» **Exercise aim**: Would you quote every entry exactly, dropping only the pictures?

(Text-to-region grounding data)
*-*-*

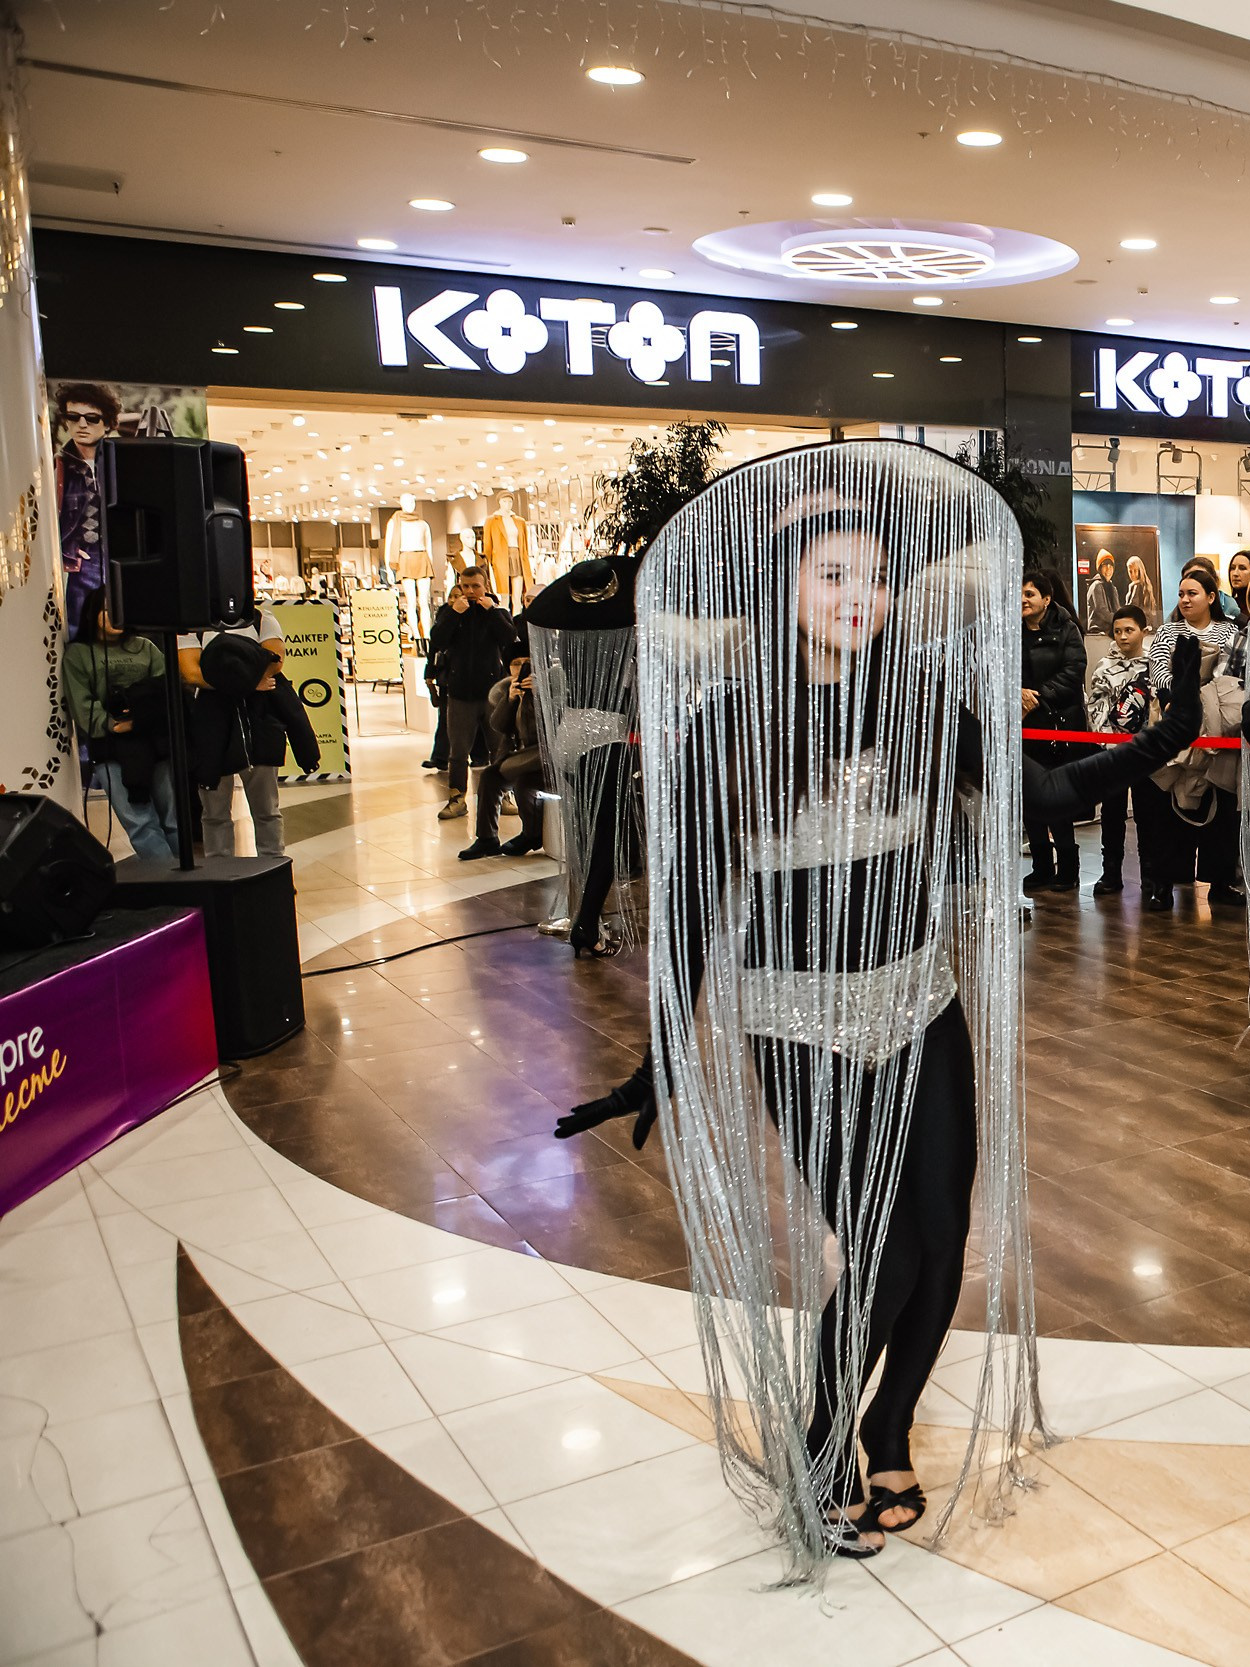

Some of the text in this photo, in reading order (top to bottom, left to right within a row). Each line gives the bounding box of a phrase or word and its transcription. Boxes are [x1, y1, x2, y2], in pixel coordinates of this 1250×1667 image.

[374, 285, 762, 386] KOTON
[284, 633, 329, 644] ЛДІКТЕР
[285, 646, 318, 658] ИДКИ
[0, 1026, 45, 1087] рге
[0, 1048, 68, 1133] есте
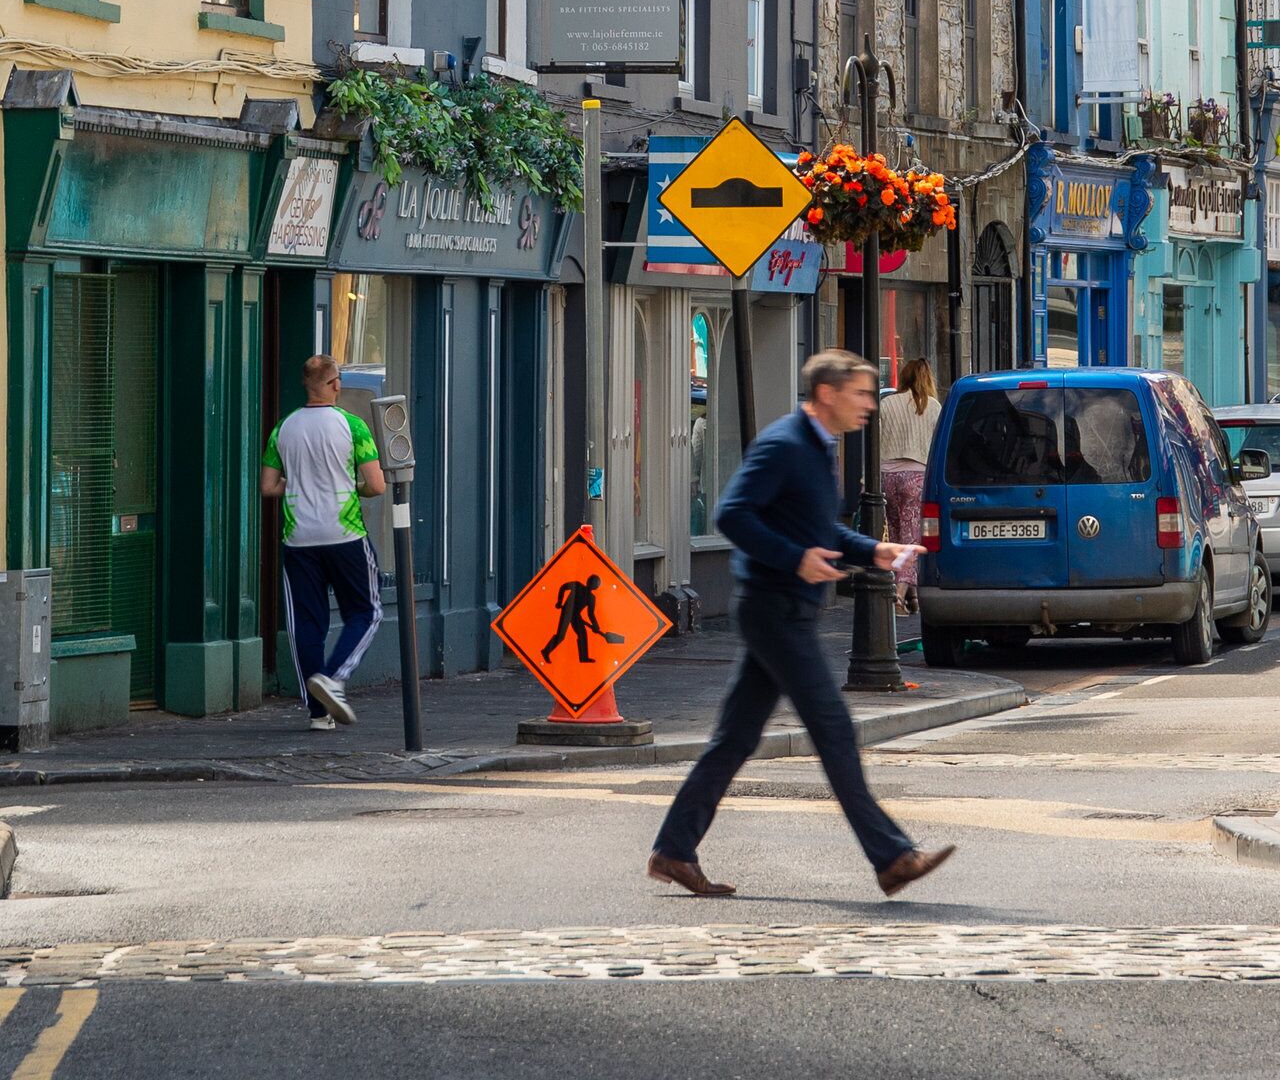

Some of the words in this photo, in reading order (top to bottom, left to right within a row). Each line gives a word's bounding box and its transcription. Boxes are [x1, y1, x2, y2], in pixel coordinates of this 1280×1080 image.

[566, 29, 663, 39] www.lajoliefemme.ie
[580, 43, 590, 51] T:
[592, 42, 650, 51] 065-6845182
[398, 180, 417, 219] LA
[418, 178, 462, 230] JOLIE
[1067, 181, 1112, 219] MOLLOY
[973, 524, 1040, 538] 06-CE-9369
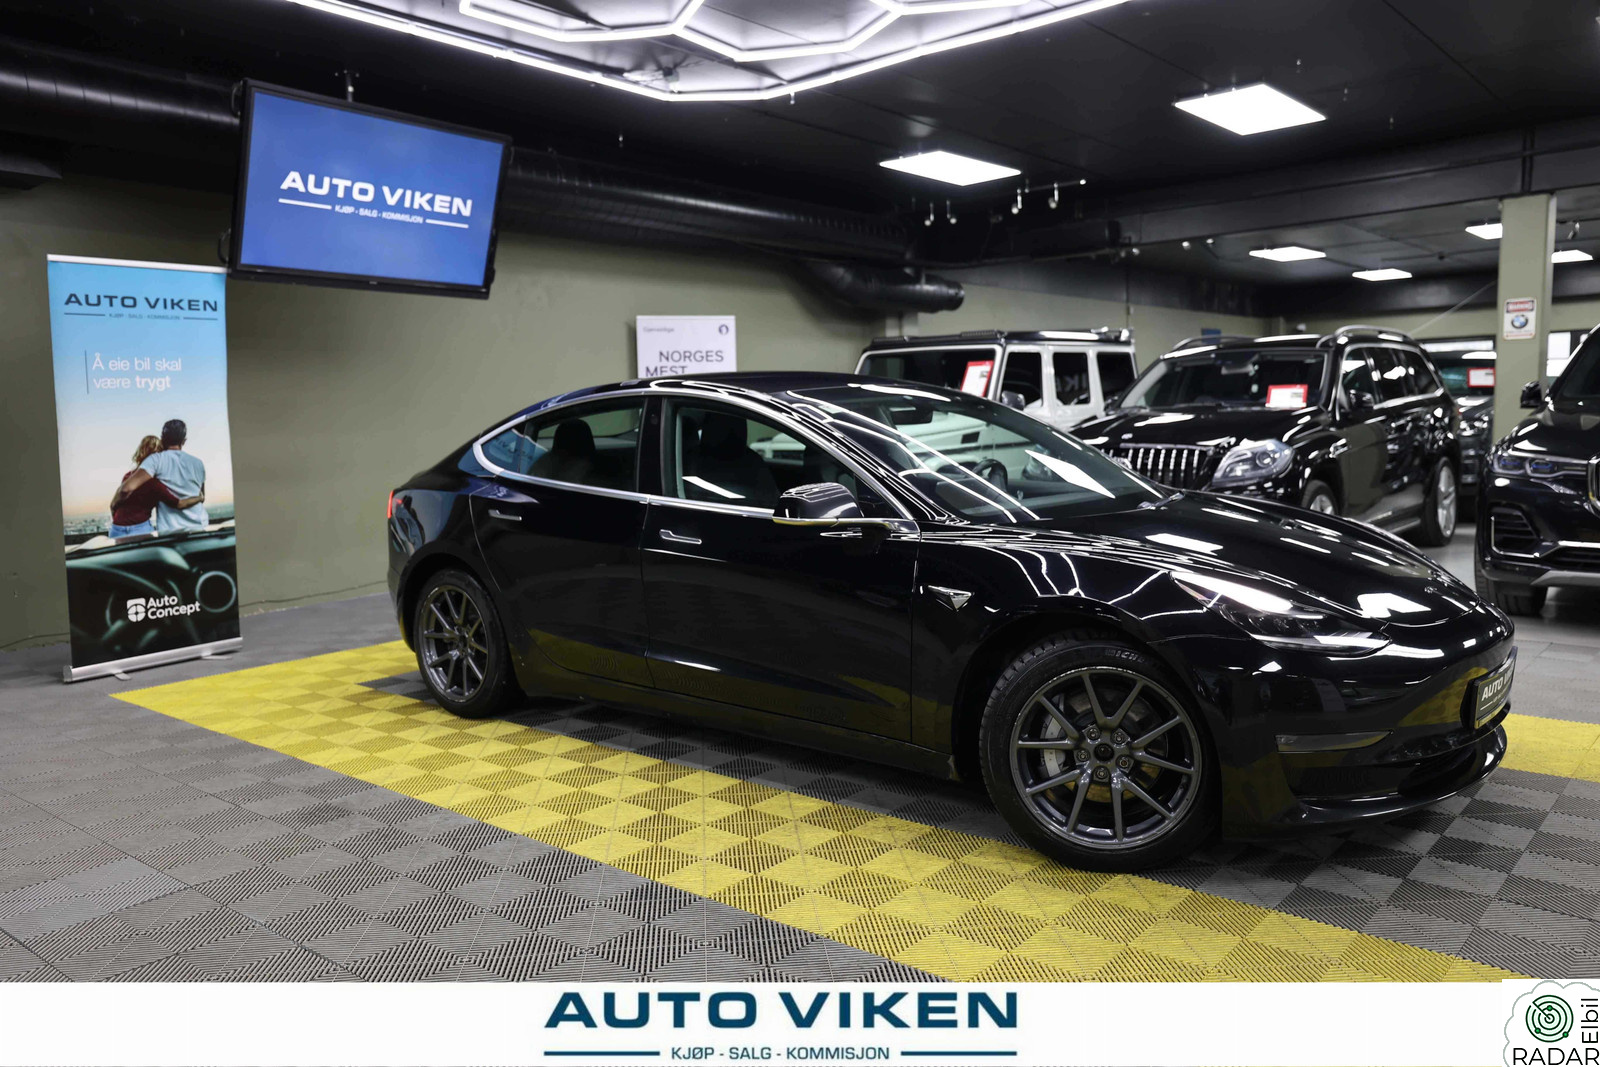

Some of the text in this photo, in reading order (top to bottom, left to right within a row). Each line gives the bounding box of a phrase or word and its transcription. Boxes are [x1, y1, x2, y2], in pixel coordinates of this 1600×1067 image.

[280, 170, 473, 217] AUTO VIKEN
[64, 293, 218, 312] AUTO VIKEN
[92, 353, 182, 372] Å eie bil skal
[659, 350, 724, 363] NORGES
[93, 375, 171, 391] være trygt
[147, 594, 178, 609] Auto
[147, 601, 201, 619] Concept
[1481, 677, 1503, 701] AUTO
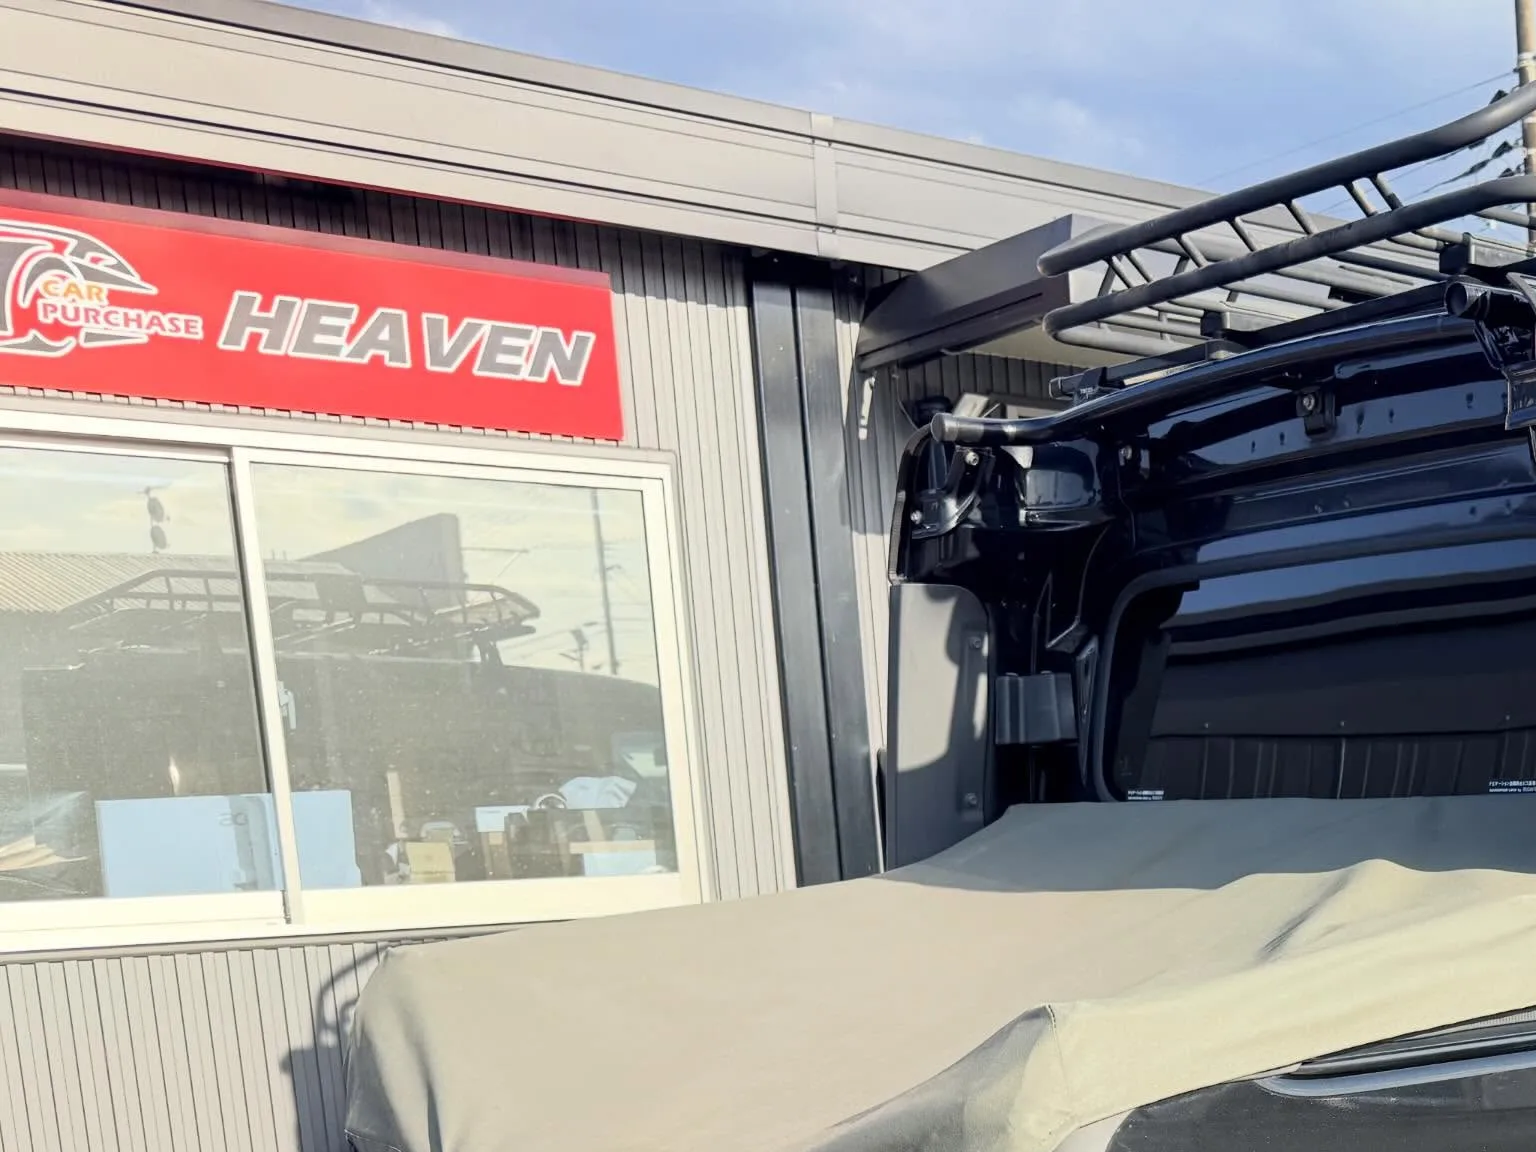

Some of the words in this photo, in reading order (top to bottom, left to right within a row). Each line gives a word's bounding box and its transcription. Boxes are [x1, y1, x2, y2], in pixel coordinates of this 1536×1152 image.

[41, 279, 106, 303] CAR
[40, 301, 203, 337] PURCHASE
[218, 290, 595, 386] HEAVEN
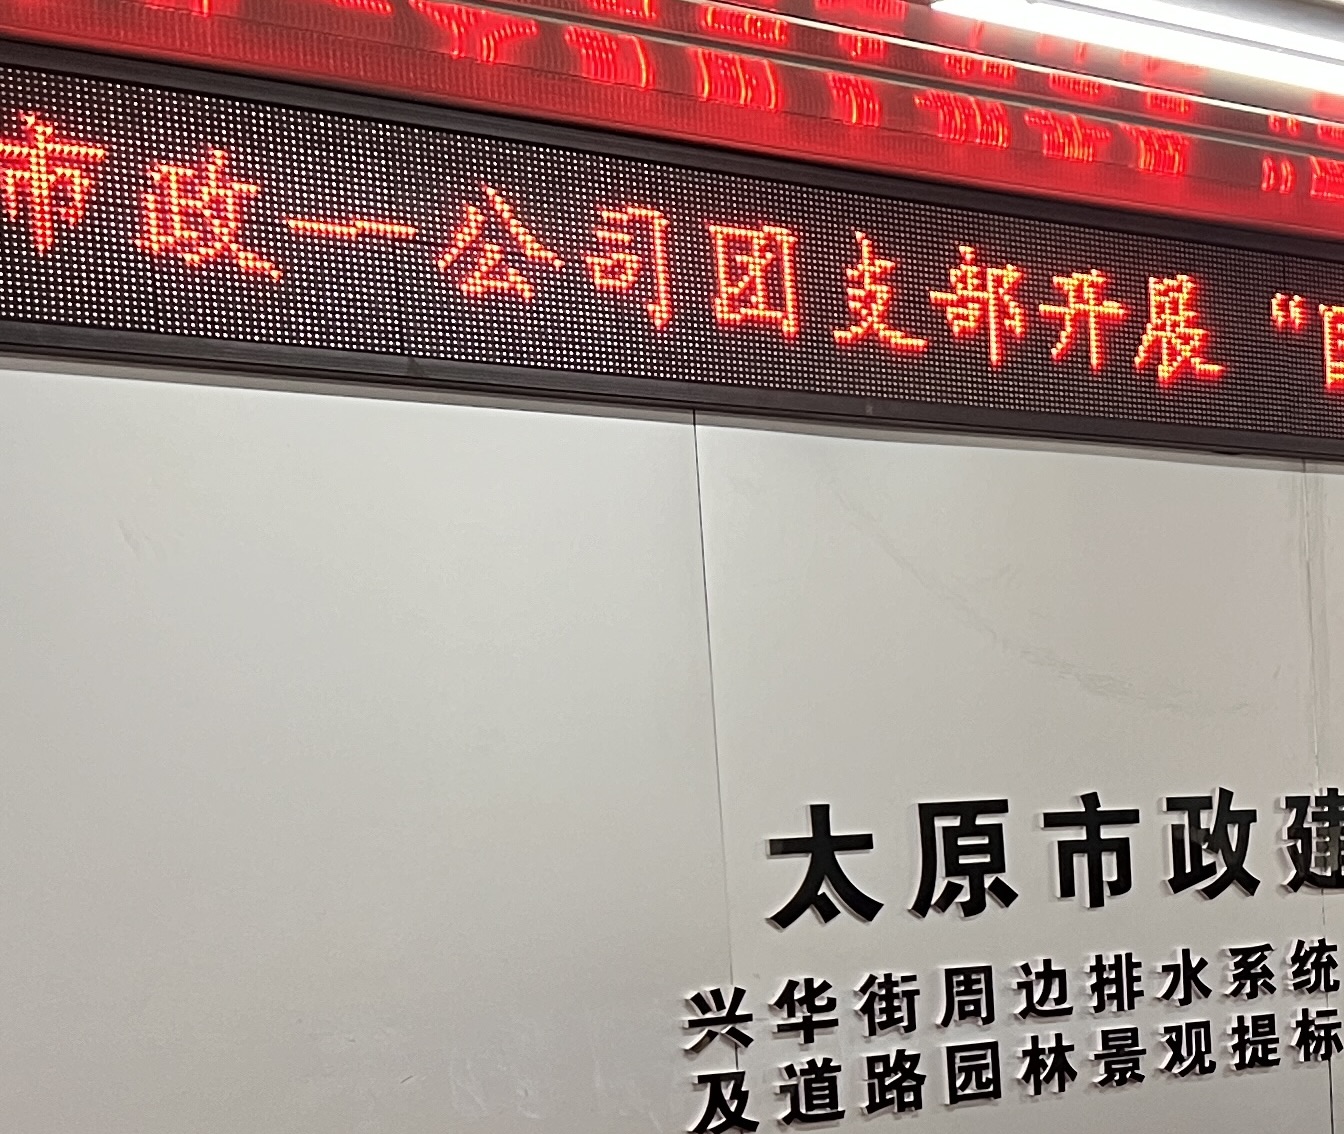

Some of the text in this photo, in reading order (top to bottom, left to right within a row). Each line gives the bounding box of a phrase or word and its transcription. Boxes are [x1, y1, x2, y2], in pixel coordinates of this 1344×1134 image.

*-*-*

» **Solution to this task**:
Some of the text in this photo, in reading order (top to bottom, left to right within a row). Each line gives the bounding box of a phrase or word and its transcription. Boxes are [x1, y1, x2, y2], in pixel coordinates of this 1250×1667 image.

[374, 285, 762, 386] KOTON
[284, 633, 329, 644] ЛДІКТЕР
[285, 646, 318, 658] ИДКИ
[0, 1026, 45, 1087] рге
[0, 1048, 68, 1133] есте

Some of the words in this photo, in reading order (top to bottom, left to right within a row). Each line gives a word's bounding box and its transcription. Boxes are [x1, y1, x2, y2], in pixel coordinates of this 1280×1080 image.

[566, 29, 663, 39] www.lajoliefemme.ie
[580, 43, 590, 51] T:
[592, 42, 650, 51] 065-6845182
[398, 180, 417, 219] LA
[418, 178, 462, 230] JOLIE
[1067, 181, 1112, 219] MOLLOY
[973, 524, 1040, 538] 06-CE-9369

Some of the text in this photo, in reading order (top to bottom, left to right within a row). Each line gives the bounding box of a phrase or word and its transcription. Boxes are [x1, y1, x2, y2], in pixel coordinates of this 1600×1067 image.

[280, 170, 473, 217] AUTO VIKEN
[64, 293, 218, 312] AUTO VIKEN
[92, 353, 182, 372] Å eie bil skal
[659, 350, 724, 363] NORGES
[93, 375, 171, 391] være trygt
[147, 594, 178, 609] Auto
[147, 601, 201, 619] Concept
[1481, 677, 1503, 701] AUTO

Some of the words in this photo, in reading order (top to bottom, left to right within a row). Each line gives a word's bounding box and its transcription. Boxes are [x1, y1, x2, y2], in pixel coordinates of this 1536×1152 image.

[41, 279, 106, 303] CAR
[40, 301, 203, 337] PURCHASE
[218, 290, 595, 386] HEAVEN

Some of the text in this photo, in reading order (top to bottom, left to right within a row). Each line gives the bounding box of a phrase or word and its transcription. Boxes are [x1, y1, x2, y2], in pixel coordinates of this 1344×1134 image.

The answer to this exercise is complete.